■ What the task requires
Please give every line below again exactly, but not its pictures.

■ Input data

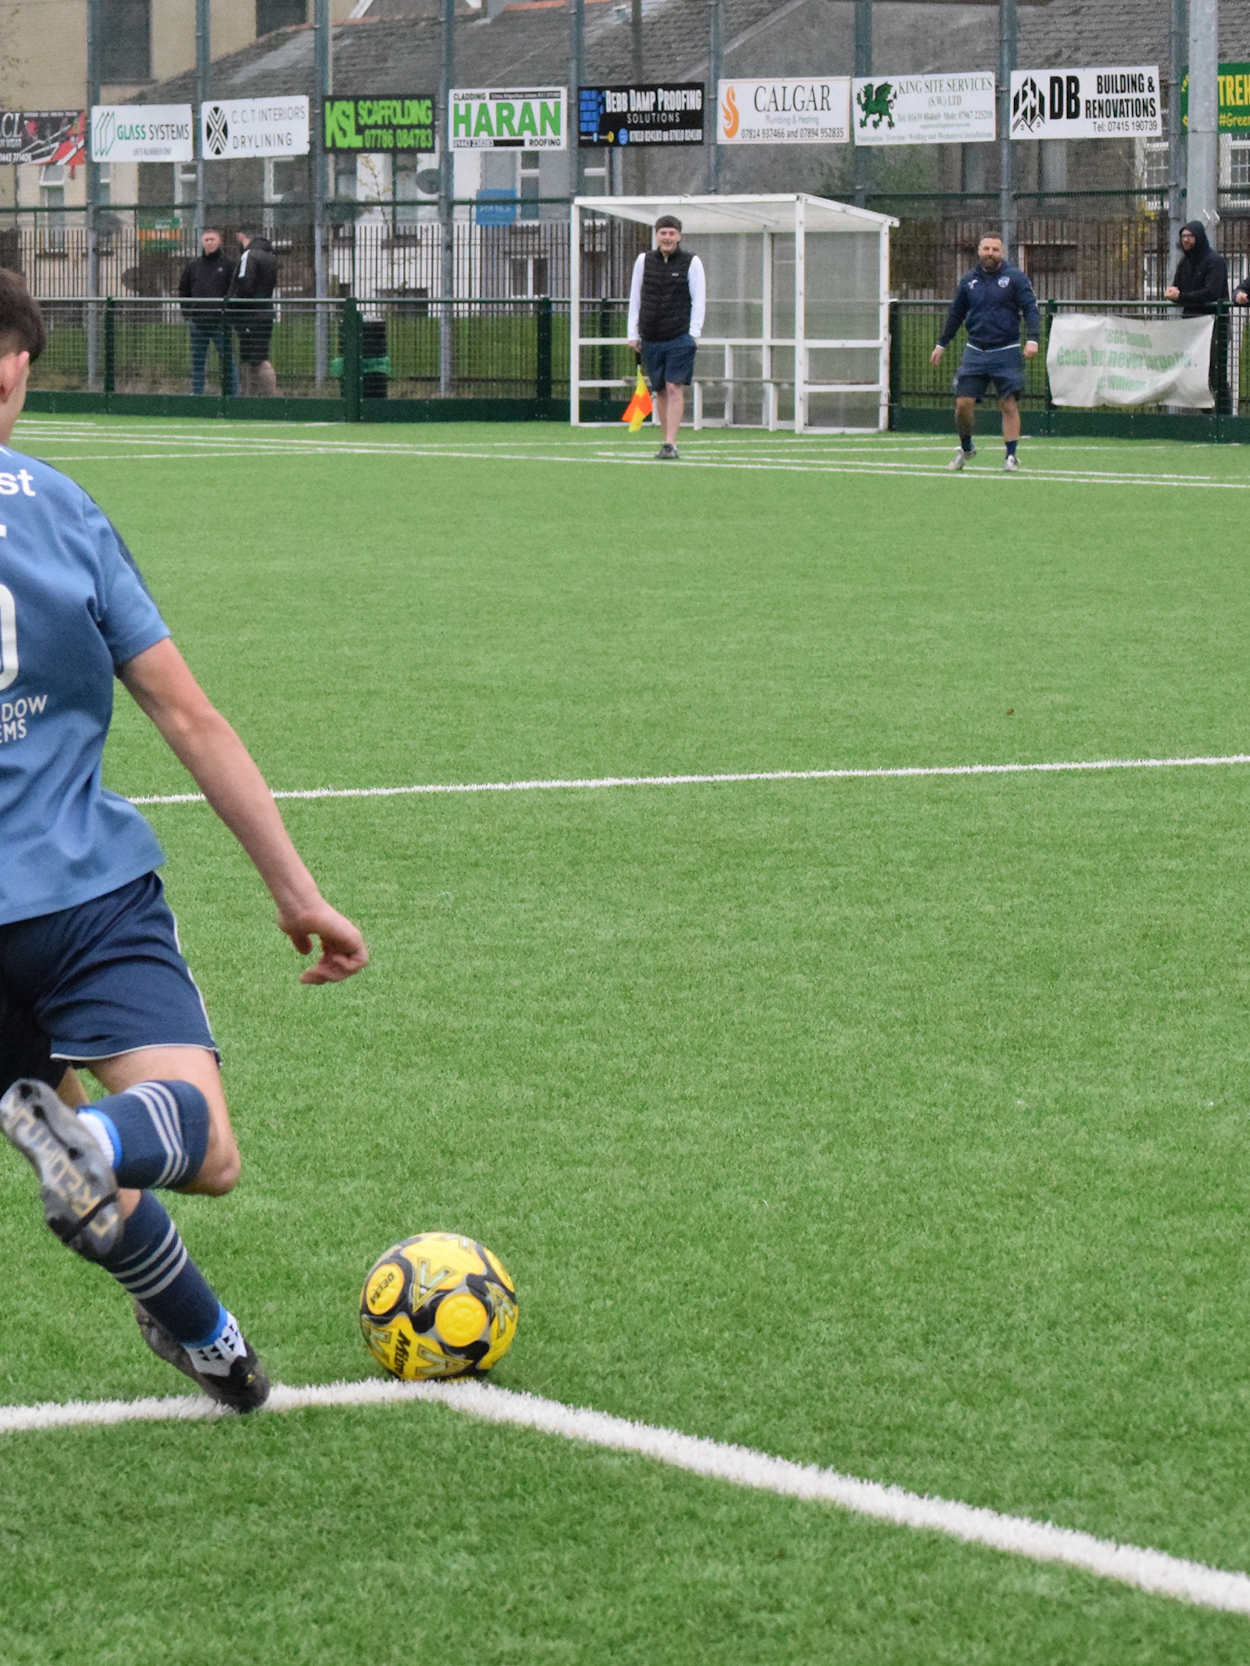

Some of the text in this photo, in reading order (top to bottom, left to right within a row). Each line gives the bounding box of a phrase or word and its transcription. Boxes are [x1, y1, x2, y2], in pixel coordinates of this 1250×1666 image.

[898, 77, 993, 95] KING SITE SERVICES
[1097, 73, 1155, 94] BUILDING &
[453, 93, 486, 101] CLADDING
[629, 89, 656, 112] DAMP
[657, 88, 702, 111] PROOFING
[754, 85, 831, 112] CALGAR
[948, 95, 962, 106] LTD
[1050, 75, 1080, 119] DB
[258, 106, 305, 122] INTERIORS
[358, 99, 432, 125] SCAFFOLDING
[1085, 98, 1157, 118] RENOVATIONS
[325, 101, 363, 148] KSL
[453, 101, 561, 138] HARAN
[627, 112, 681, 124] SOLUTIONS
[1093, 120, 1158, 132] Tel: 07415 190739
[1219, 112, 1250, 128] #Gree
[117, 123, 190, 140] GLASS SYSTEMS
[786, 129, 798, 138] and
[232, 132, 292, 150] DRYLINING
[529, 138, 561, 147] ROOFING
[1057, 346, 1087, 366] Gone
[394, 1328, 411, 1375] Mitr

■ Answer
Some of the text in this photo, in reading order (top to bottom, left to right within a row). Each line gives the bounding box of a phrase or word and its transcription. Boxes are [x1, y1, x2, y2], in pixel coordinates of this 1250×1666 image.

[898, 77, 993, 95] KING SITE SERVICES
[1097, 73, 1155, 94] BUILDING &
[453, 93, 486, 101] CLADDING
[629, 89, 656, 112] DAMP
[657, 88, 702, 111] PROOFING
[754, 85, 831, 112] CALGAR
[948, 95, 962, 106] LTD
[1050, 75, 1080, 119] DB
[258, 106, 305, 122] INTERIORS
[358, 99, 432, 125] SCAFFOLDING
[1085, 98, 1157, 118] RENOVATIONS
[325, 101, 363, 148] KSL
[453, 101, 561, 138] HARAN
[627, 112, 681, 124] SOLUTIONS
[1093, 120, 1158, 132] Tel: 07415 190739
[1219, 112, 1250, 128] #Gree
[117, 123, 190, 140] GLASS SYSTEMS
[786, 129, 798, 138] and
[232, 132, 292, 150] DRYLINING
[529, 138, 561, 147] ROOFING
[1057, 346, 1087, 366] Gone
[394, 1328, 411, 1375] Mitr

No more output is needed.